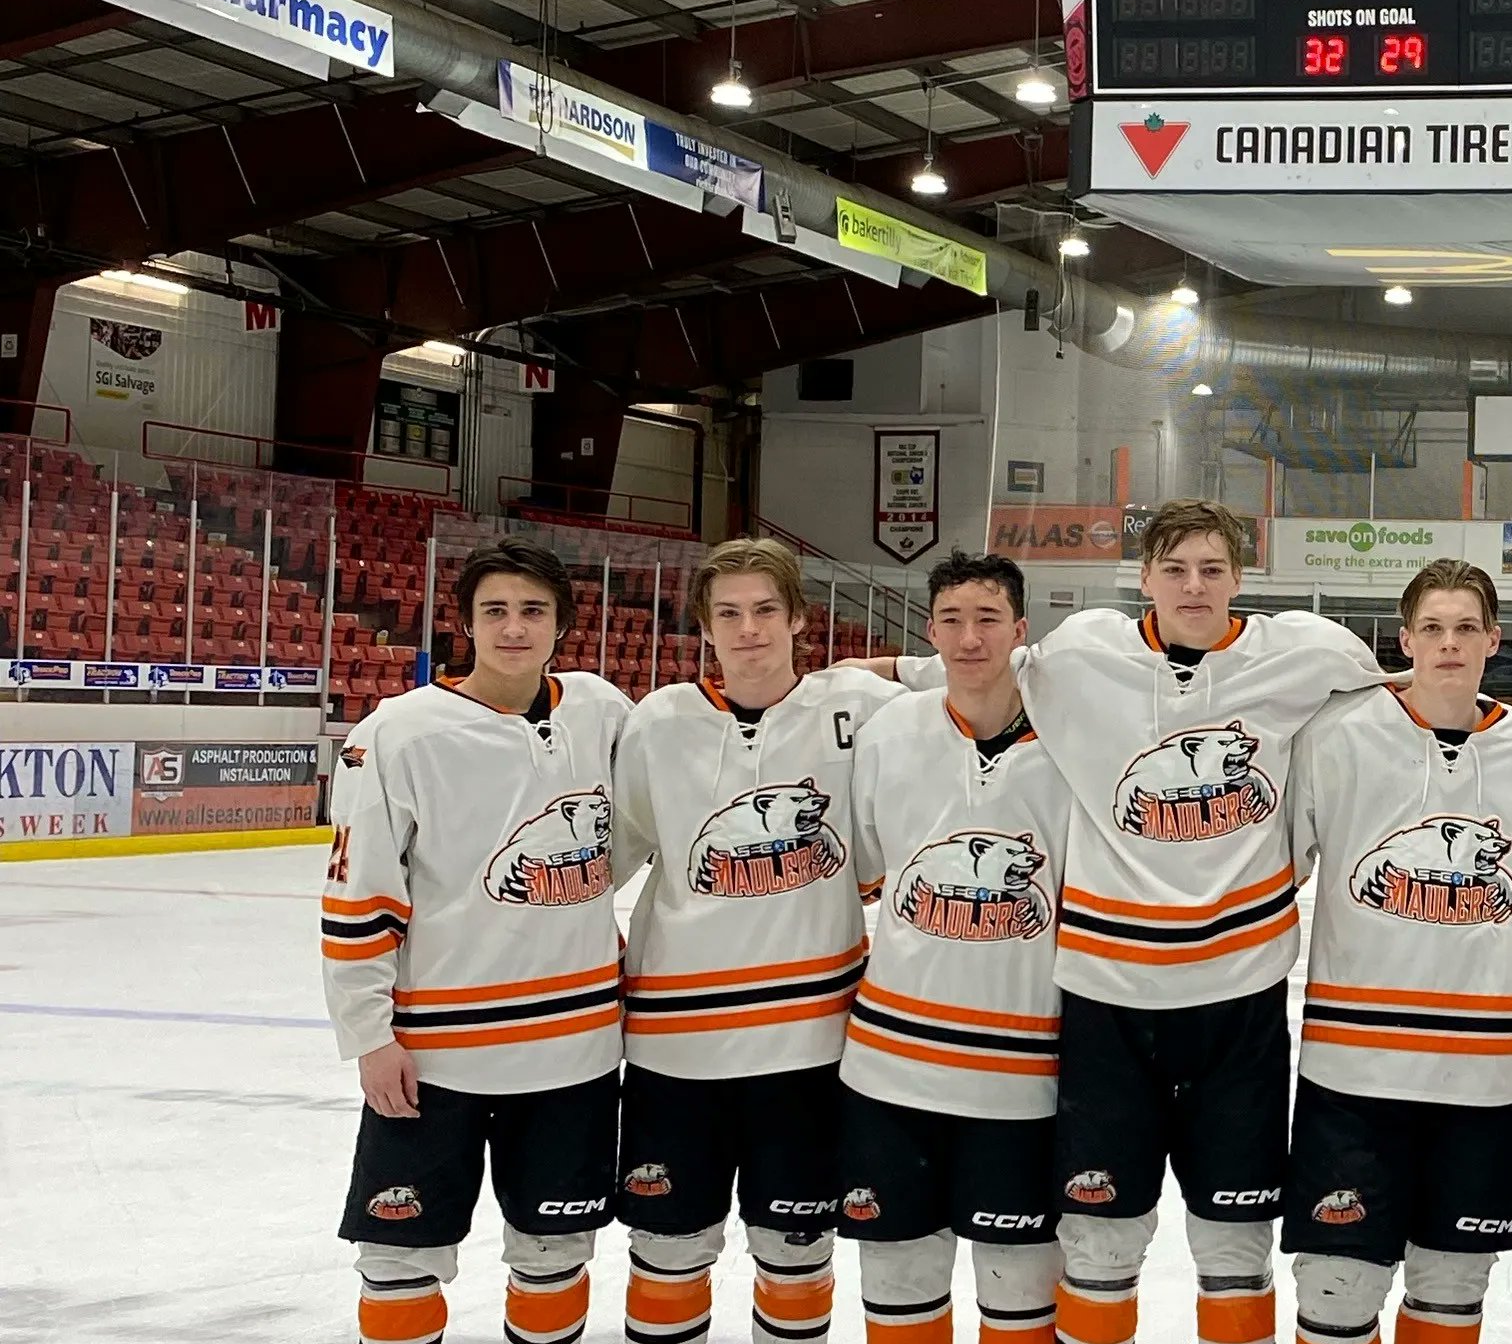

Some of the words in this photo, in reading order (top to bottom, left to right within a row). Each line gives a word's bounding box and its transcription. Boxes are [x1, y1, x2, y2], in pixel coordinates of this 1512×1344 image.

[1308, 9, 1352, 28] SHOTS
[1356, 8, 1376, 27] ON
[1379, 7, 1416, 26] GOAL
[1305, 37, 1344, 76] 32
[1380, 35, 1422, 74] 29
[1216, 124, 1412, 164] CANADIAN
[1426, 123, 1511, 163] TIRE
[245, 302, 276, 331] M
[95, 370, 113, 387] SGI
[114, 372, 155, 396] Salvage
[525, 362, 549, 389] N
[887, 513, 927, 522] 2014
[994, 522, 1086, 549] HAAS
[1304, 554, 1341, 570] Going
[1345, 555, 1365, 568] the
[1368, 555, 1402, 568] extra
[833, 710, 853, 750] C
[146, 756, 178, 781] AS
[192, 749, 240, 764] ASPHALT
[242, 749, 307, 763] PRODUCTION
[309, 749, 317, 763] &
[219, 767, 291, 782] INSTALLATION
[20, 813, 110, 836] WEEK
[1139, 784, 1254, 842] MAULERS
[711, 840, 826, 898] MAULERS
[1383, 868, 1500, 923] MAULERS
[914, 884, 1030, 941] MAULERS
[538, 1196, 606, 1216] CCM
[769, 1198, 837, 1216] CCM
[1212, 1187, 1281, 1206] CCM
[971, 1211, 1045, 1230] CCM

══════════════════════════════

EXERCISE:
Without including any pictures, repeat the records above exactly.

TASK RESULT:
Some of the words in this photo, in reading order (top to bottom, left to right within a row). Each line gives a word's bounding box and its transcription. Boxes are [x1, y1, x2, y2], in pixel coordinates of this 1512×1344 image.

[1308, 9, 1352, 28] SHOTS
[1356, 8, 1376, 27] ON
[1379, 7, 1416, 26] GOAL
[1305, 37, 1344, 76] 32
[1380, 35, 1422, 74] 29
[1216, 124, 1412, 164] CANADIAN
[1426, 123, 1511, 163] TIRE
[245, 302, 276, 331] M
[95, 370, 113, 387] SGI
[114, 372, 155, 396] Salvage
[525, 362, 549, 389] N
[887, 513, 927, 522] 2014
[994, 522, 1086, 549] HAAS
[1304, 554, 1341, 570] Going
[1345, 555, 1365, 568] the
[1368, 555, 1402, 568] extra
[833, 710, 853, 750] C
[146, 756, 178, 781] AS
[192, 749, 240, 764] ASPHALT
[242, 749, 307, 763] PRODUCTION
[309, 749, 317, 763] &
[219, 767, 291, 782] INSTALLATION
[20, 813, 110, 836] WEEK
[1139, 784, 1254, 842] MAULERS
[711, 840, 826, 898] MAULERS
[1383, 868, 1500, 923] MAULERS
[914, 884, 1030, 941] MAULERS
[538, 1196, 606, 1216] CCM
[769, 1198, 837, 1216] CCM
[1212, 1187, 1281, 1206] CCM
[971, 1211, 1045, 1230] CCM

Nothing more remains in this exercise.